*Work task*
Output all of the data exactly, keeping any images out of the copy.

*Supplied data*
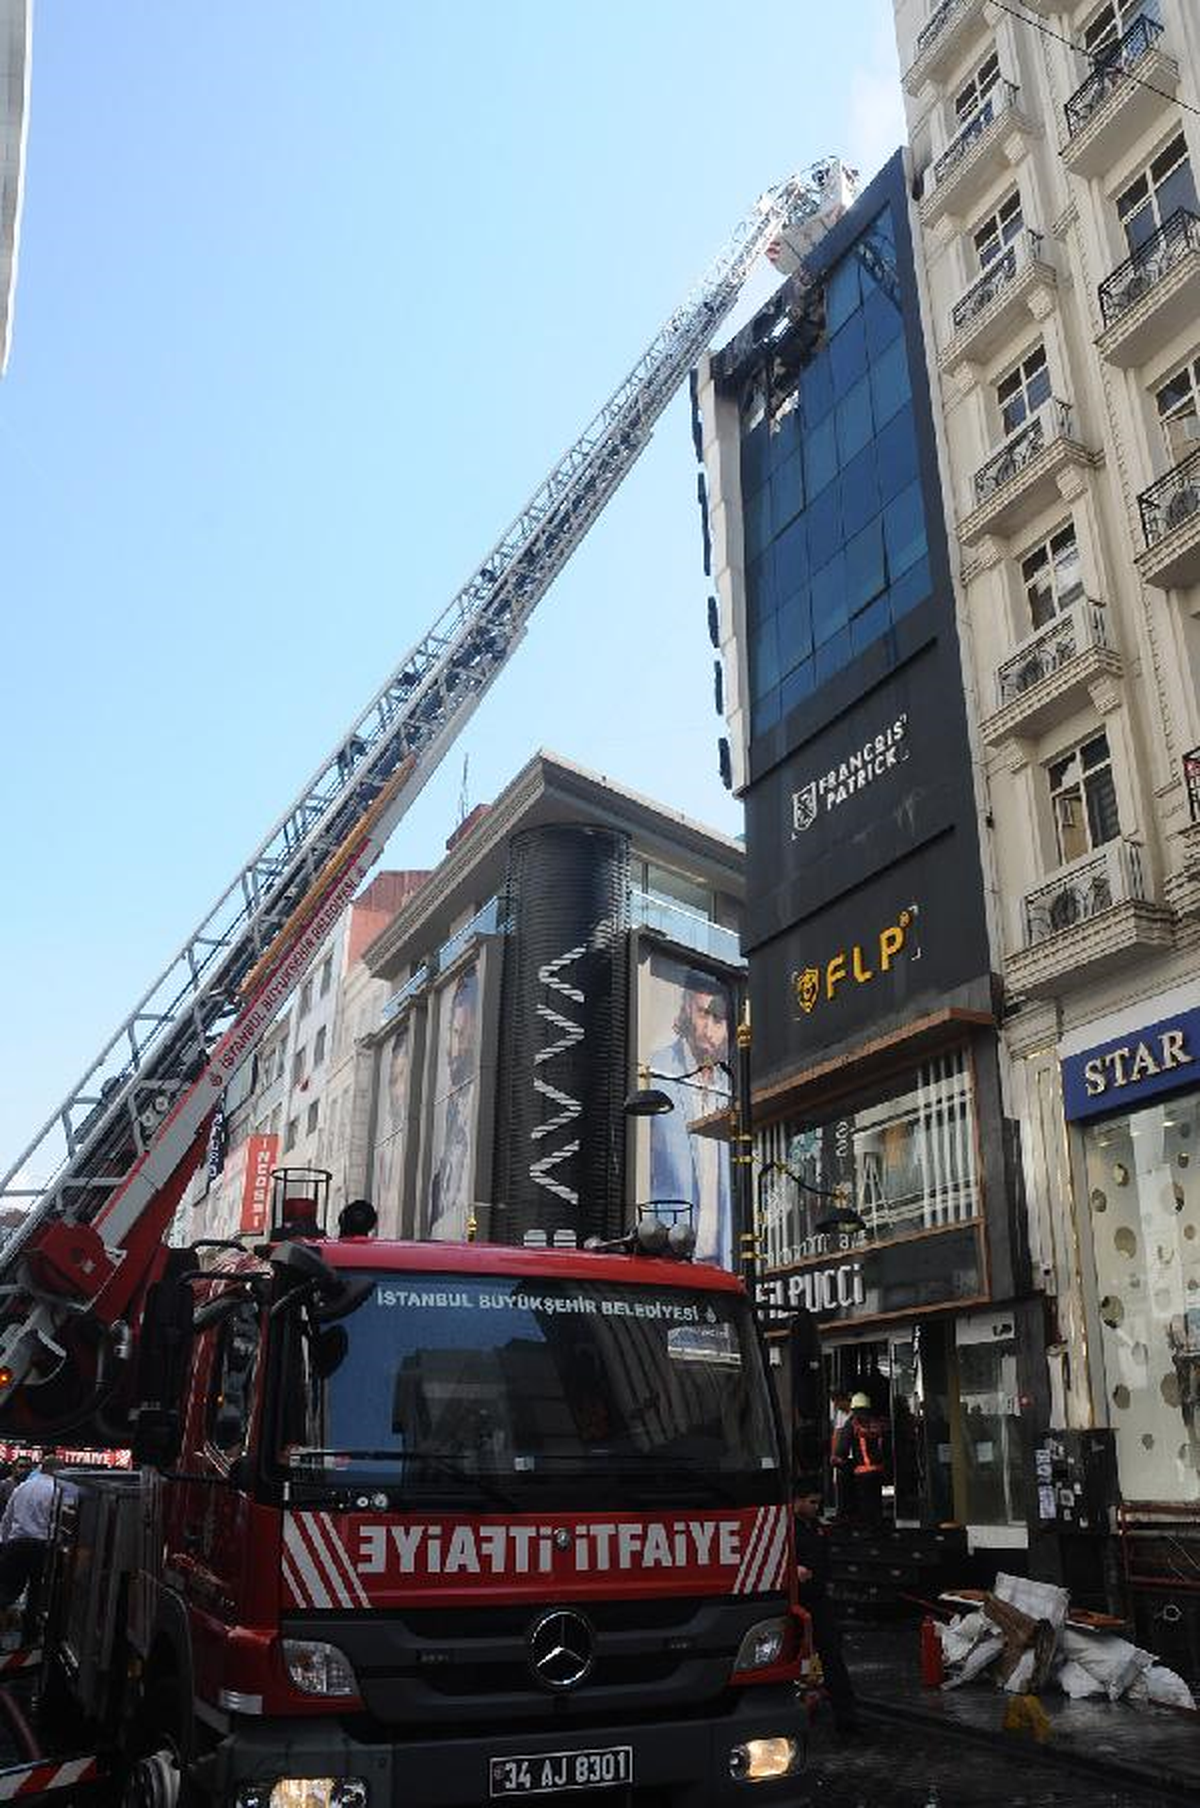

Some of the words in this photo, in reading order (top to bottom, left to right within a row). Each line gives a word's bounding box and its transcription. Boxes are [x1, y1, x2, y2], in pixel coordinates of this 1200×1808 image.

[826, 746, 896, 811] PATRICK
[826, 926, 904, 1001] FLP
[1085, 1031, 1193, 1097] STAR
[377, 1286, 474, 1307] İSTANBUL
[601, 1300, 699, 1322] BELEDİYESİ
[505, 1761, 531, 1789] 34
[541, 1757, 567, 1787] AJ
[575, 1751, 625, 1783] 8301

*Written reply*
Some of the words in this photo, in reading order (top to bottom, left to right within a row). Each line gives a word's bounding box and its transcription. Boxes are [x1, y1, x2, y2], in pixel coordinates of this 1200×1808 image.

[826, 746, 896, 811] PATRICK
[826, 926, 904, 1001] FLP
[1085, 1031, 1193, 1097] STAR
[377, 1286, 474, 1307] İSTANBUL
[601, 1300, 699, 1322] BELEDİYESİ
[505, 1761, 531, 1789] 34
[541, 1757, 567, 1787] AJ
[575, 1751, 625, 1783] 8301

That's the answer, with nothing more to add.